Exercise | Hand back all records exactly, pictures omitted.

Data |
BEGIN
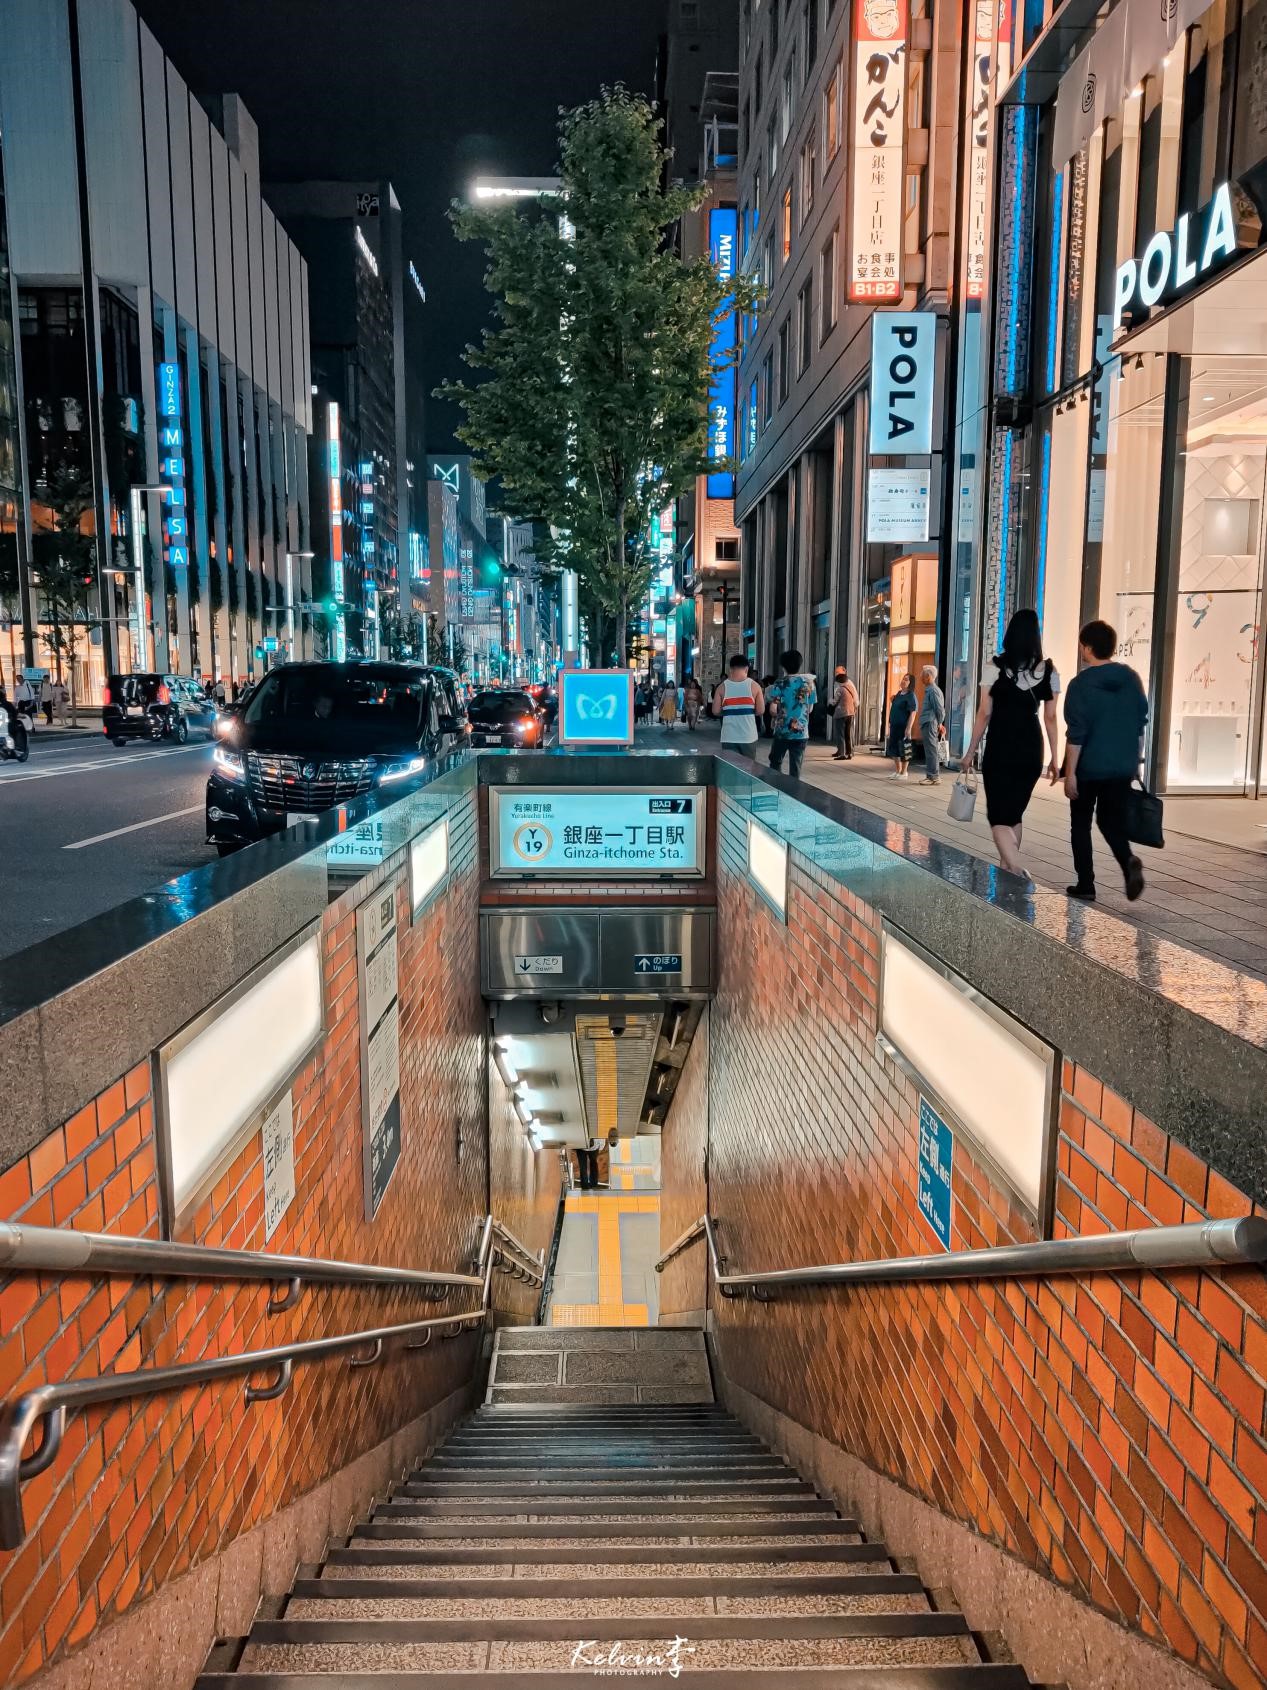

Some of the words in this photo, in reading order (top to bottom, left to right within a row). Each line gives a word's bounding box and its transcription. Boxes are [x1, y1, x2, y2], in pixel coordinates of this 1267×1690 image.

[862, 42, 906, 147] がんこ
[868, 154, 889, 246] 銀座一丁目店
[857, 252, 896, 266] お食事
[1114, 181, 1237, 331] POLA
[857, 266, 896, 280] 宴会処
[888, 326, 918, 441] POLA
[166, 430, 185, 564] MELSA
[513, 803, 552, 813] 有楽町線
[677, 800, 685, 813] 7
[528, 829, 538, 839] Y
[563, 825, 685, 845] 銀座一丁目駅
[526, 841, 543, 853] 19
[564, 846, 655, 859] Ginza-itchome
[660, 846, 683, 859] Sta.
[534, 957, 558, 967] くだり
[920, 1181, 934, 1219] Left
[266, 1197, 281, 1231] Left
END
Output of the task |
Some of the words in this photo, in reading order (top to bottom, left to right within a row). Each line gives a word's bounding box and its transcription. Boxes are [x1, y1, x2, y2], in pixel coordinates of this 1267×1690 image.

[862, 42, 906, 147] がんこ
[868, 154, 889, 246] 銀座一丁目店
[857, 252, 896, 266] お食事
[1114, 181, 1237, 331] POLA
[857, 266, 896, 280] 宴会処
[888, 326, 918, 441] POLA
[166, 430, 185, 564] MELSA
[513, 803, 552, 813] 有楽町線
[677, 800, 685, 813] 7
[528, 829, 538, 839] Y
[563, 825, 685, 845] 銀座一丁目駅
[526, 841, 543, 853] 19
[564, 846, 655, 859] Ginza-itchome
[660, 846, 683, 859] Sta.
[534, 957, 558, 967] くだり
[920, 1181, 934, 1219] Left
[266, 1197, 281, 1231] Left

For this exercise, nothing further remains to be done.